Fleece Harvesting
Mechanism
Fleece harvesting is the removal of keratin fibres — wool, cashmere, mohair, alpaca, llama, and related specialty fibres — from live fibre-producing animals using mechanical shearing, combing, biological induction, or manual extraction during natural moult.
Machine shearing uses a powered handpiece consisting of a fixed comb in contact with the skin and a reciprocating cutter above. Wool fibres are guided between comb teeth and severed as the handpiece advances along standardised patterns — such as the Bowen technique — to remove the fleece in a single contiguous piece. The animal is manually restrained or positioned using holding pens, tilt tables, or rotary tables throughout the procedure.
Blade shearing uses large scissors-like shears with two blades and a spring, applied close to the skin. The operator advances in successive strokes — blows — along standardised body patterns to detach the fleece by sections.
Combing is used primarily for cashmere goats and double-coated sheep during natural moult. Metal or plastic combs or rakes are pulled through the coat to extract the shedding undercoat fibres while leaving guard hair. Repeated passes continue until fibre yield declines.
Rooing is used for primitive or naturally moulting sheep breeds — Soay, Shetland, Boreray, some Manx. The operator uses hands to grasp and pull or push through the fleece along the body, detaching naturally loosened fibre at the shedding line while leaving new growth. No cutting instruments are used.
Biological defleecing — the Bioclip system — involves subcutaneous or intradermal administration of Epidermal Growth Factor (EGF), which induces a temporary break in wool fibres near the skin. After several days the weakened fleece sheds into a net placed around the animal or is subsequently removed mechanically. The method produces a zone of weakened wool enabling follicle sheath separation without cutting.
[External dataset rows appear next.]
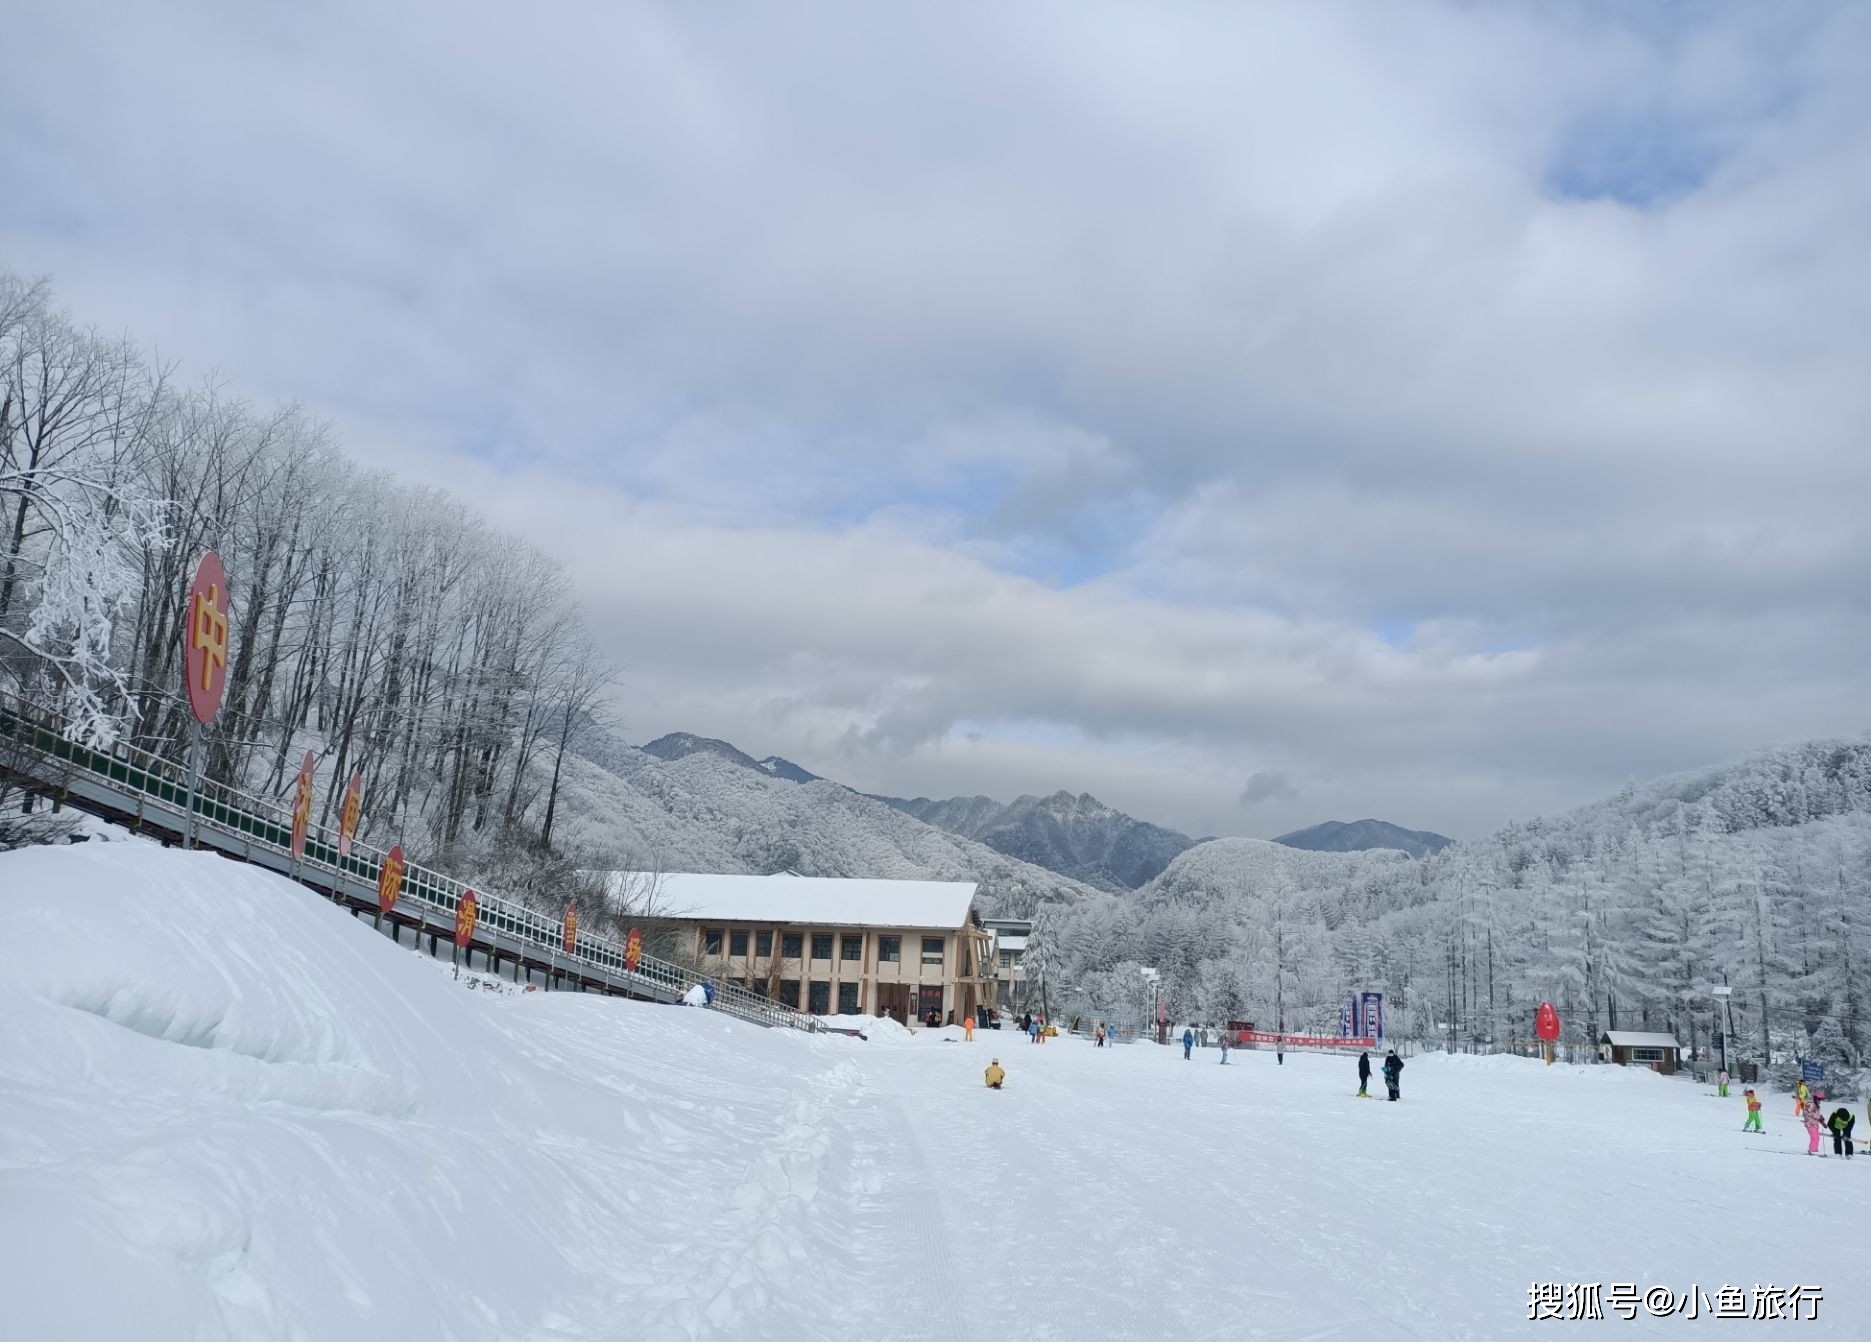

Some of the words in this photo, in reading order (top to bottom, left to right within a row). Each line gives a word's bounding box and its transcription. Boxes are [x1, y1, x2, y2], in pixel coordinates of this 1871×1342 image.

[193, 583, 229, 691] 中
[341, 787, 362, 841] 国
[381, 857, 404, 902] 际
[457, 899, 477, 936] 滑
[626, 937, 642, 964] 场
Species-specific application: sheep are fully shorn annually or more frequently in one session. Alpacas and llamas are shorn on one side then the other, with back and side fleece separated as a main fleece and other areas as secondary lines. Cashmere goats are primarily combed during spring moult; shearing may also be used to remove both undercoat and guard hair simultaneously.
Post-harvest handling involves spreading, skirting — removal of belly, leg, stained, or short wool — rolling or folding, and baling or bagging into graded lines.
Operational Context
Fleece harvesting extracts textile animal fibres as raw material for yarn and fabric production across dedicated fibre, dual-purpose meat-fibre, and specialty luxury fibre systems.
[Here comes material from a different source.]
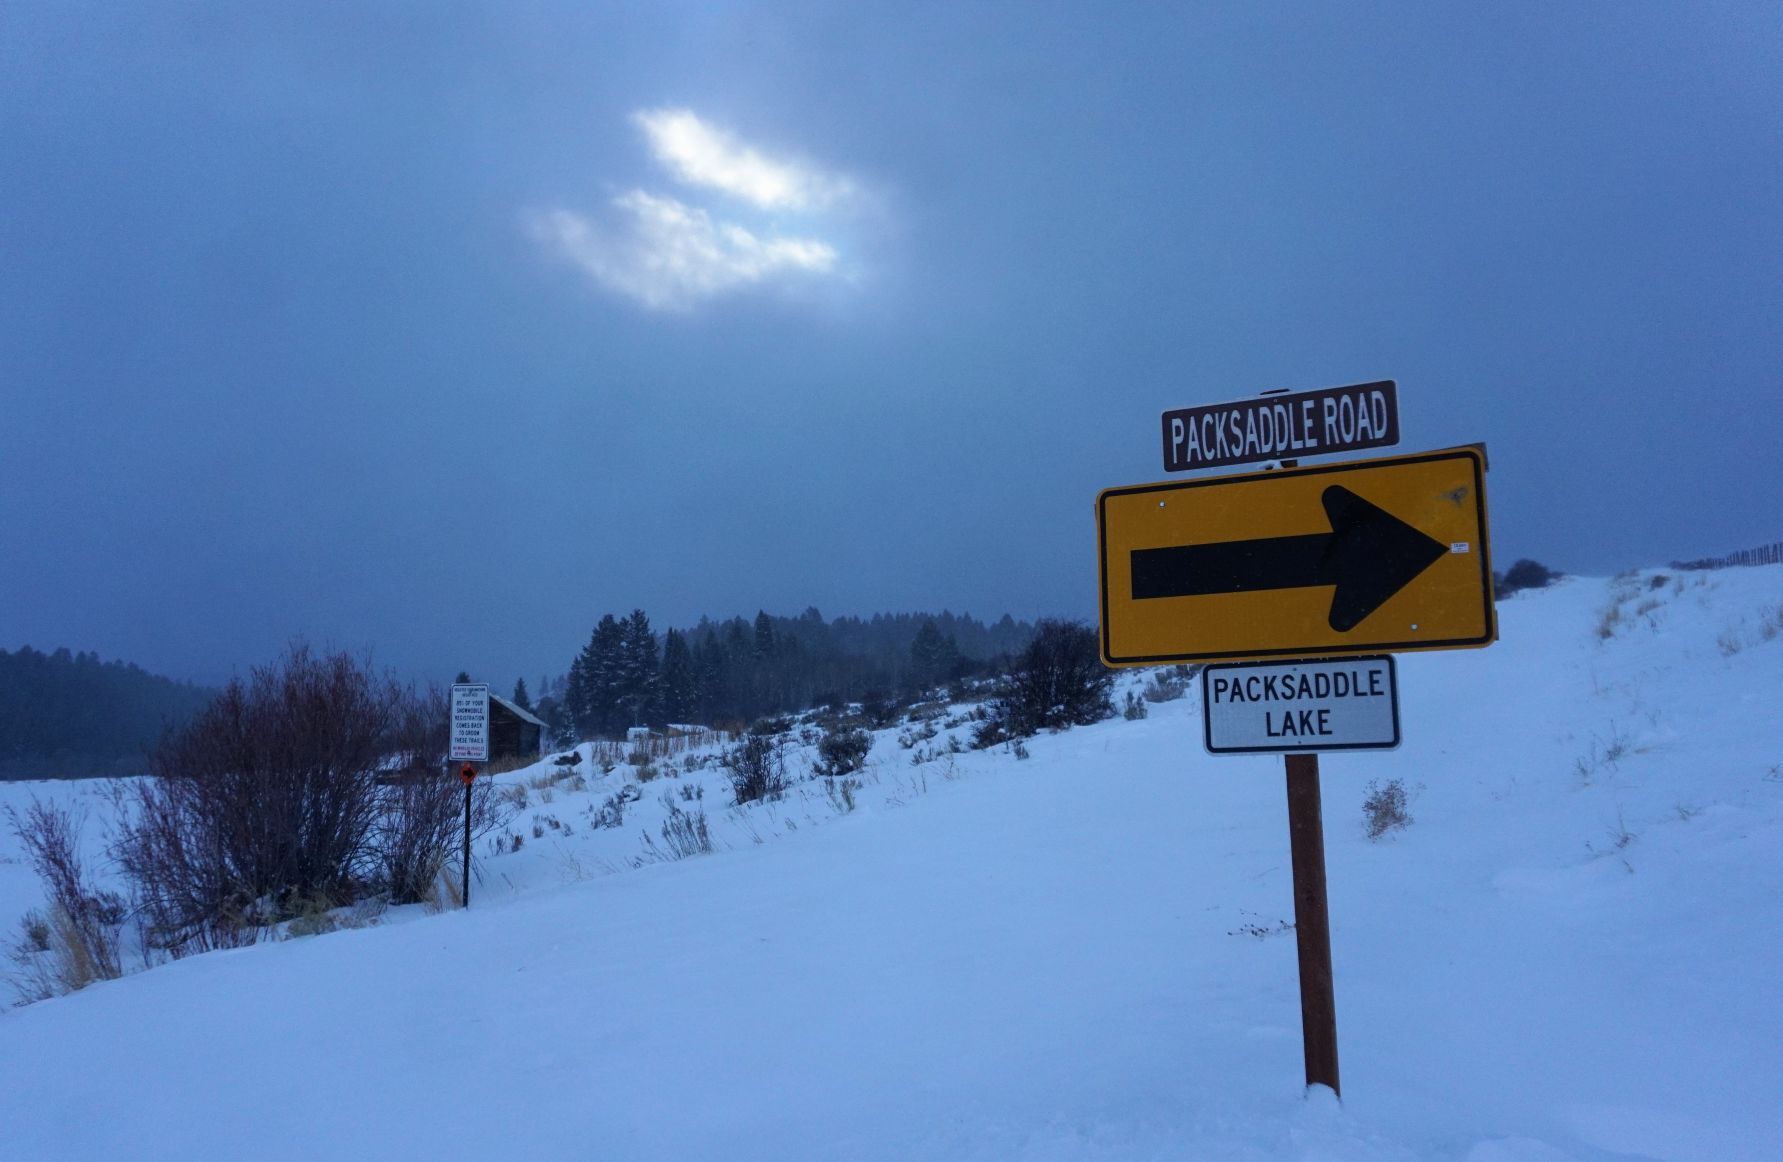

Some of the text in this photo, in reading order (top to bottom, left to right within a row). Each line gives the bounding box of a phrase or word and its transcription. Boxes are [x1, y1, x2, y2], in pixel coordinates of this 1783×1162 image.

[1171, 390, 1388, 464] PACKSADDLE ROAD
[1214, 670, 1385, 703] PACKSADDLE
[1266, 709, 1333, 737] LAKE
In sheep wool production, regular fleece removal maximises marketable fibre yield, enables grading and classing into homogeneous lots, and underpins economic returns from wool breeds. Mechanised handpieces and codified shearing techniques — typically under two minutes per sheep with electric machines — reduce labour cost per unit of fibre in high-production systems.
In specialty fibre industries — cashmere, mohair, alpaca, and llama — harvesting is performed on a seasonal cycle aligned with natural moult or annual fleece growth, with fibre graded and separated at collection to meet buyer specifications for fineness and cleanliness.
In dual-purpose meat-fibre systems, fleece harvesting is a co-product operation conducted alongside meat production from the same animals.
Fleece management is also an operational requirement independent of fibre value: regulations in some jurisdictions mandate periodic harvesting to prevent excessive fleece growth, which is associated with heat stress, recumbency, and flystrike risk in sheep.
Production systems range from extensive and semi-extensive grazing operations in Australia, New Zealand, and South America — where contract or on-farm shearing is performed seasonally in dedicated sheds — to intensive or semi-intensive housed systems in China and some European operations, and smallholder and subsistence systems in parts of Africa and South Asia using manual shears or traditional tools.
Biological Impact
Fleece harvesting subjects animals to restraint, close handling, and mechanical contact with the skin, producing documented acute stress responses and a range of physical injury risks.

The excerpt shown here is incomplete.